Neck and Shoulder Pain



Fig. 26.1
Cutaneous radiation of pain during irritation of individual structures. (a) Radiation of pain during irritation of intervertebral discs (Modified after Cloward); (b) radiation of pain during irritation of deep musculoligamentous structures in interspinous space (Modified after Feinstein) [6]



As shown by figures, certain sites of cutaneous radiation of pain during irritation overlap. In addition, long-term irritation results in the activation of spinal neurons and diffusion of signal at the spinal cord level, which complicates detection of the exact source of pain based on this single indicator. The given findings can, however, help determine at least approximately the level of involvement, on which clinical examination, imaging methods and ultimately the therapeutic efforts should be focused, without wasting efforts at nonspecific attempts to treat a “painful shoulder”.



26.2.2 Acute and Chronic Pain


A painful condition is regularly associated with a significant limitation of mobility of the affected region, impairment of the quality of life and restriction of self-care activities, which often turn into chronic condition. For clinicians, the concept of chronic pain is rather associated with its duration (pain persisting for more than 4–6 weeks), while physiologists and algesiologists perceive it as a manifestation of inability to control sufficiently and efficiently the respective disorder or pain caused by it, i.e. as a manifestation of central fixation of pain pattern, with unfavourable prognosis.

The opinion supported by algesiologists that chronic pain is a separate entity has not been generally accepted. It is a symptom of a condition which has a certain cause and develops in a certain way. In the authors’ view, it is important to find out the share of the initial, underlying process in long-term pain, as it is closely related to the essential issue, how long it is reasonable to attempt at (using, where appropriate, also non-pharmacological treatment) controlling the underlying process and when and how to combine these procedures with purely analgesic therapy, in order to manage adequately the respective disorder.

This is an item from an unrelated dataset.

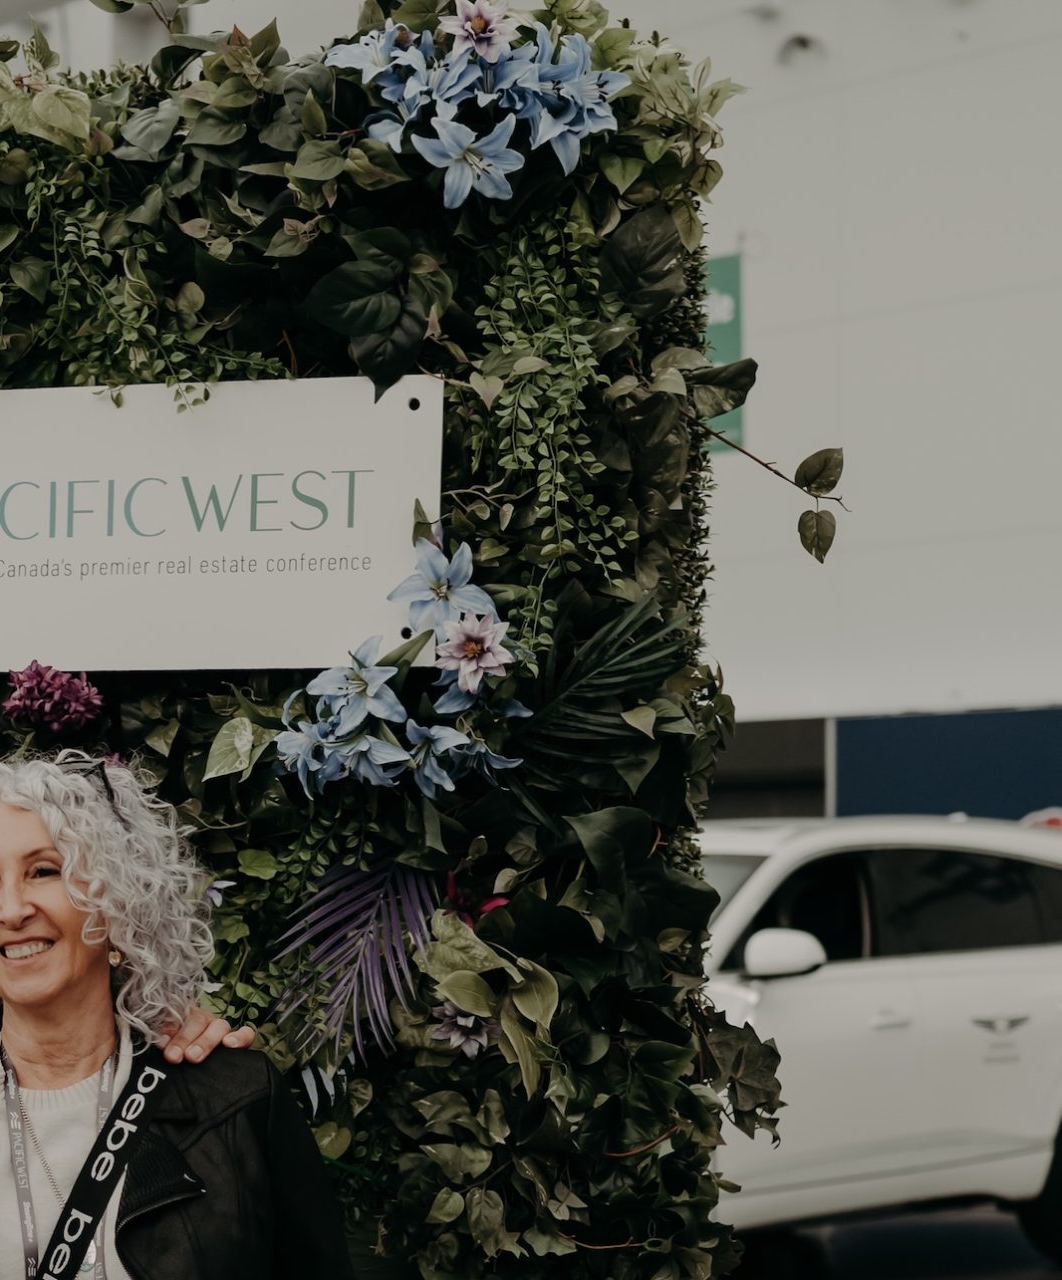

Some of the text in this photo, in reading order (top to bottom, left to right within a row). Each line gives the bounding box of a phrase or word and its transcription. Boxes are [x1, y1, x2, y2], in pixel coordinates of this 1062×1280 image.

Due to close relationship between the neck and shoulder, which is given primarily by common innervation (joint capsule, skin, subcutis and muscles of the shoulder are innervated mainly from C5, C6, and C7 nerve roots – see Fig. 26.2) as well as by muscles connecting the cervical spine and the shoulder girdle, this region is called cervicobrachial, and the pain affecting this region is referred to as cervicobrachial regional syndrome.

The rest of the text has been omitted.